Of course, the consistent observance of data protection also plays a very special role, particularly in Europe. This is, however, easier said than done – because the concept of data protection must be constantly adapted to the latest technological possibilities – data protection must grow in tandem and should ideally be considered directly as a central parameter in providers’ business models. But not only that – the attitudes of users with regard to their data is also changing rapidly. Social networks are nothing else than data marketplaces from user to user – and often already from advertiser to user.
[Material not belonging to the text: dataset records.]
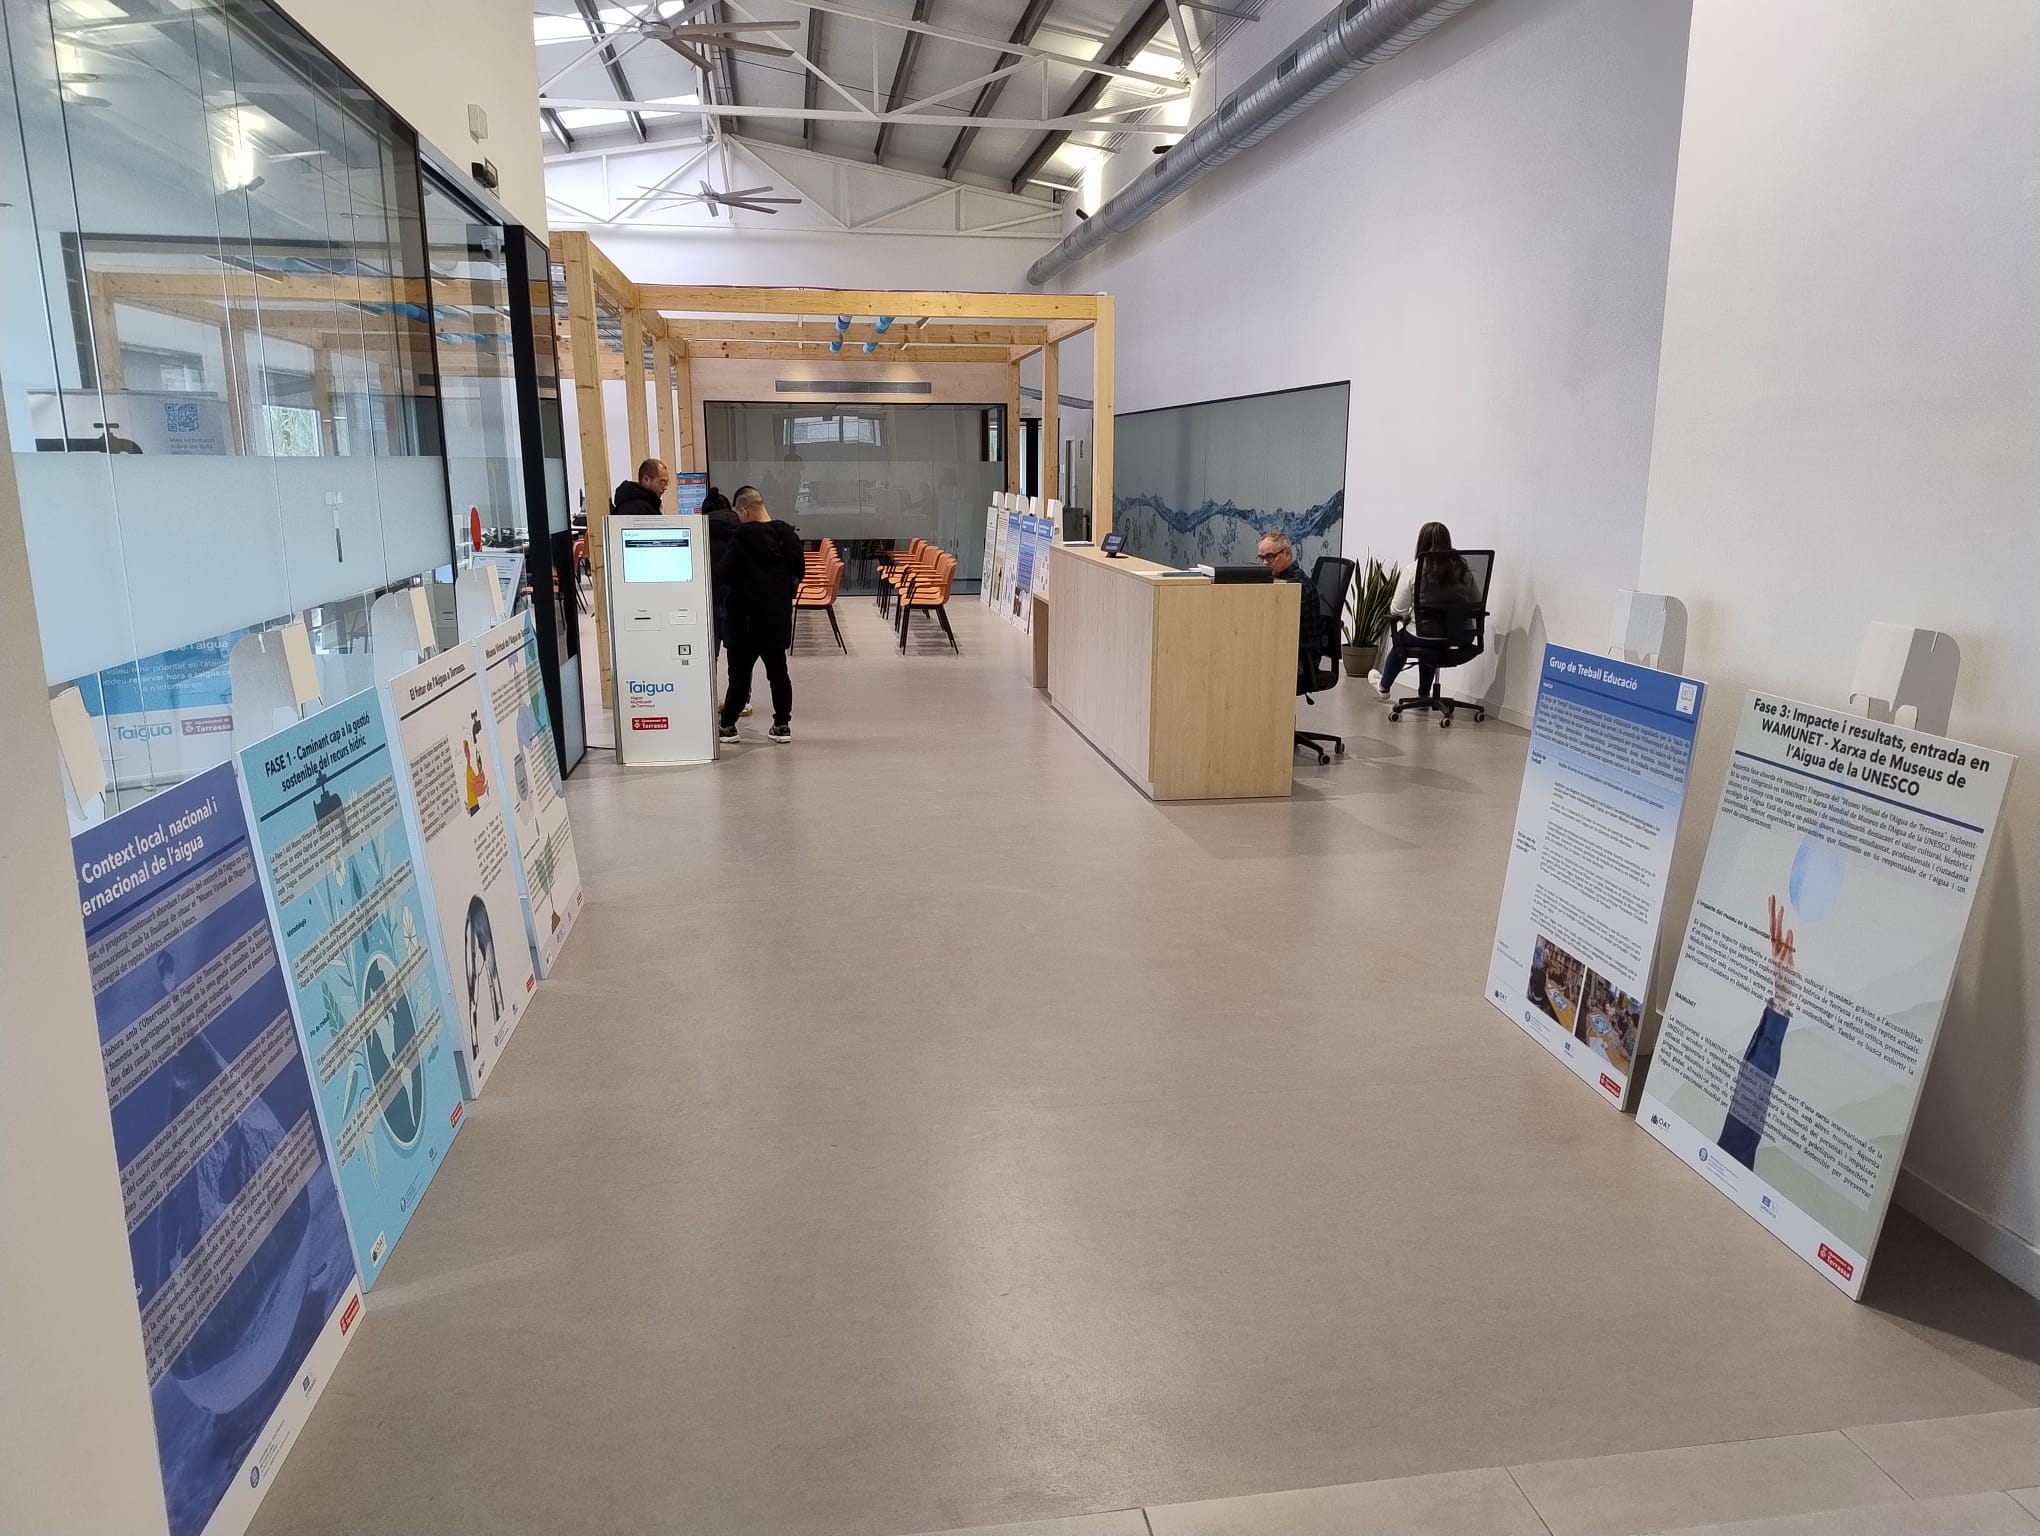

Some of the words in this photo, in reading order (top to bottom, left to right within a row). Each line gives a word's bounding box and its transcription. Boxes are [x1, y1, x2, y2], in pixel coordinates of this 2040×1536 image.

[409, 687, 415, 701] El
[414, 684, 427, 698] futur
[425, 679, 433, 692] de
[431, 672, 447, 688] l'Aigua
[626, 680, 674, 696] Taigua
[1548, 655, 1567, 673] Grup
[1566, 660, 1577, 673] de
[1576, 663, 1602, 681] Treball
[1602, 670, 1638, 691] Educació
[113, 722, 173, 742] Taigua
[196, 723, 231, 733] Terrassa
[264, 753, 286, 778] FASE
[295, 731, 329, 761] Caminant
[328, 728, 341, 744] cap
[344, 720, 352, 734] la
[351, 709, 370, 734] gestió
[1753, 697, 1777, 715] Fase
[1778, 704, 1790, 719] 3:
[1792, 707, 1840, 732] Impacte
[1840, 720, 1847, 734] i
[1847, 725, 1906, 752] resultats,
[1908, 741, 1967, 766] entrada
[1968, 757, 1990, 773] en
[281, 761, 319, 793] sostenible
[317, 752, 330, 771] del
[329, 745, 349, 764] recurs
[347, 733, 366, 753] hídric
[1760, 717, 1824, 747] WAMUNET
[1829, 737, 1868, 760] Xarxa
[1868, 747, 1888, 766] de
[1888, 753, 1944, 782] Museus
[1945, 769, 1967, 789] de
[1785, 743, 1827, 768] l'Aigua
[1827, 756, 1844, 774] de
[1845, 761, 1858, 778] la
[1859, 765, 1921, 798] UNESCO
[1860, 804, 1880, 816] Virtual
[1888, 813, 1908, 826] l'Aigua
[80, 838, 135, 886] Context
[134, 823, 169, 856] local,
[168, 798, 213, 838] nacional
[211, 795, 218, 814] i
[1835, 828, 1858, 841] incloent
[1891, 850, 1930, 869] professionals
[1934, 866, 1969, 883] ciutadania
[1857, 814, 1878, 827] Museus
[1887, 824, 1906, 837] l'Aigua
[1907, 831, 1915, 840] de
[1916, 834, 1922, 842] la
[1951, 846, 1976, 861] Aquest
[1866, 828, 1894, 843] destacant
[1901, 842, 1916, 851] valor
[1916, 848, 1941, 862] cultural,
[1943, 856, 1968, 870] històric
[149, 853, 168, 878] de
[166, 834, 204, 867] l'aigua
[1881, 858, 1916, 875] responsable
[1917, 870, 1926, 878] de
[1928, 874, 1949, 888] l'aigua
[105, 930, 128, 953] projecte
[97, 965, 120, 989] integral
[1828, 1000, 1851, 1017] Terrassa
[1877, 1028, 1896, 1042] reptes
[1881, 1016, 1923, 1044] l'accessibilitat
[108, 1047, 132, 1072] fomenta
[139, 1014, 169, 1049] participació
[109, 1073, 120, 1088] des
[120, 1062, 133, 1079] dels
[133, 1048, 150, 1068] canals
[151, 1031, 170, 1053] romans
[1883, 1043, 1918, 1066] promovent
[135, 1147, 153, 1171] museu
[1807, 1140, 1836, 1163] pràctiques
[1836, 1160, 1868, 1185] sostenibles
[1818, 1136, 1843, 1156] personal
[1856, 1148, 1879, 1169] Aquesta
[135, 1165, 150, 1188] canvi
[1802, 1146, 1830, 1170] Sostenible
[1831, 1168, 1841, 1179] per
[1842, 1176, 1871, 1200] preservar
[1825, 1253, 1850, 1279] Terrassa
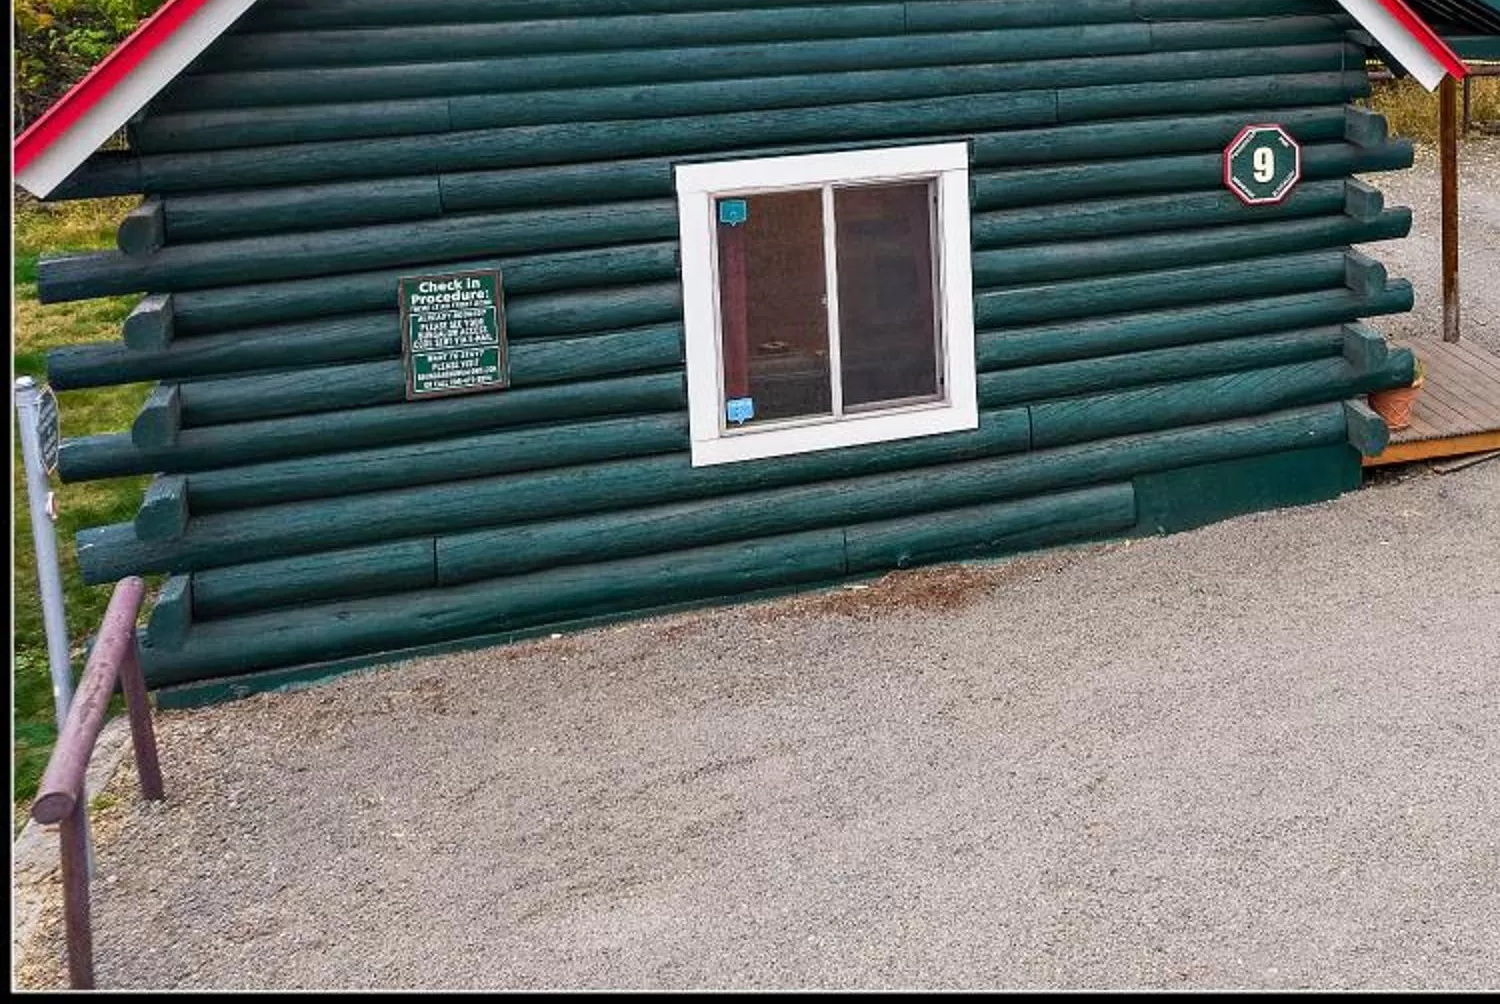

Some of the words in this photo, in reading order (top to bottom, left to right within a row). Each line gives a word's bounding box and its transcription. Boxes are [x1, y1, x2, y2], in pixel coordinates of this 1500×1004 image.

[1253, 147, 1275, 183] 9
[419, 279, 463, 293] Check
[467, 277, 481, 289] in
[411, 290, 489, 305] Procedure:
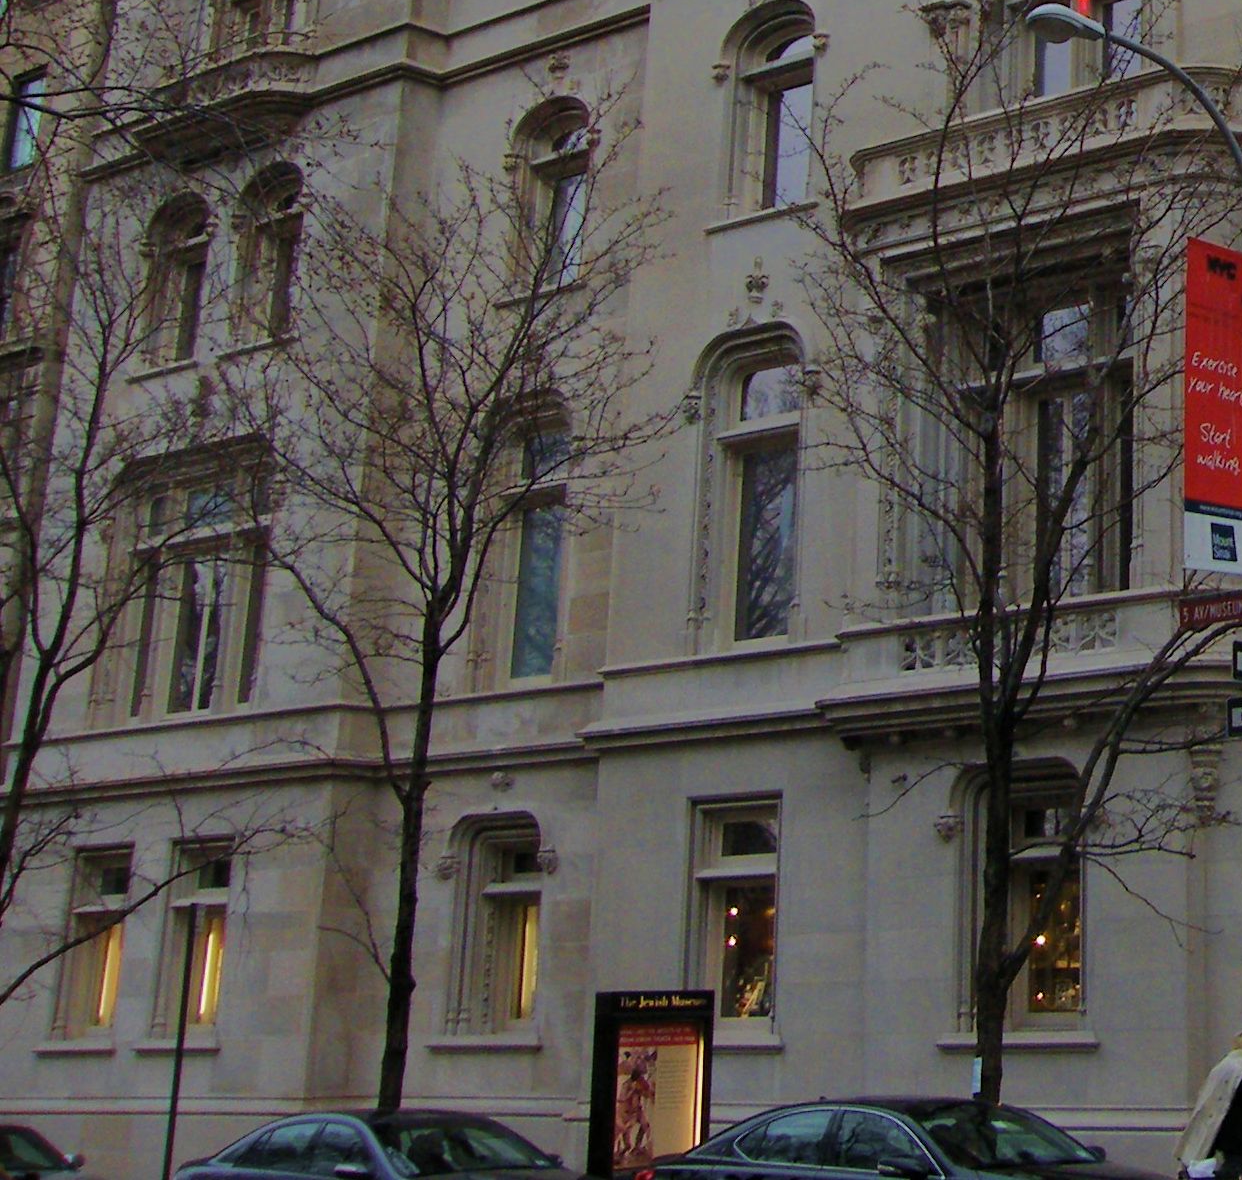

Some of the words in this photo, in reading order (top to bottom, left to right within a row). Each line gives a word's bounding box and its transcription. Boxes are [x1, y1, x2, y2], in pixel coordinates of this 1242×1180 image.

[1191, 351, 1239, 378] Exercise
[1188, 377, 1215, 394] your
[1200, 422, 1232, 449] Start
[1196, 451, 1241, 476] walking
[1182, 607, 1190, 623] 5
[639, 995, 669, 1009] Jewish
Data protection concepts must take these circumstances into account; in other words the fact that users no longer need only to be protected, but are also willing to handle their data actively.
Money is data
In its latest edition, Wired carried the headline “Money wants to be free“. The authors demonstrated that existing, bank-based systems of payment were becoming increasingly obsolete on the Internet and that digital business processes are demanding new ways of transferring money from A to B. This should also work with small and tiny sums, should not fall victim to country or currency borders and should also function as quickly as digital society demands. At the same time, money has long since started to become more virtual, ultimately more digital. Of course, this has been the case in the inter-bank business (a term unheard-of 2 years ago) for a long time. But the end consumer is also starting to grow accustomed to EC cash, credit card payments, PayPal and so on. The digitalisation of money leads naturally to a lowering of transaction costs, but also of money transportation and security firm costs and so on – without the user really realising it, since if providers such as iTunes didn’t have devices to bundle many micro-payments, credit cards would actually remain an utterly inadequate method of payment on the Internet. But something is happening on this front: the power of banks and credit card companies is starting to crumble. Just to name two fascinating examples:
flattr is a service that enables voluntary payments for content on the Internet – the user carries a fixed sum and distributes points over the course of a month to offers and texts that appeal to him or her. At the end, the amount paid is distributed to the connected offers. The exciting thing about this is that it is a hybrid payment system that links conventional money flows to a digital currency. Above all, however, the digital currency is self-contained – a click on flattr can mean 10 cents but also 10 euros. There are no interest charges and no administration fees. It is personal and social. Somewhere between cash and smileys.
This service is somewhat more conventional in its approach, but perhaps more explosive as a result. Behind x.com is PayPal’s developer community. PayPal – comparable to the opening up of Facebook in the framework of the F8 initiative – has opened itself to developers and has published an API, including development tools, etc. This means that developers can develop their own applications with x.com, which contain payment functions and virtual currencies. Wow.
Money transfers of the future: an http-link
What these services – especially flattr – make clear, when you think about it, is the fact that “data is money” and “money is data” really are increasingly converging together. What is the difference between me receiving digital money for an http-link containing information that I am interested in a small car and replying to an offer via an http link to say that I would like to “transfer” money to it, as is the case with flattr?
Correct. There is no difference.
In the new data economy, money is just a certain type of data. Nothing more and nothing less.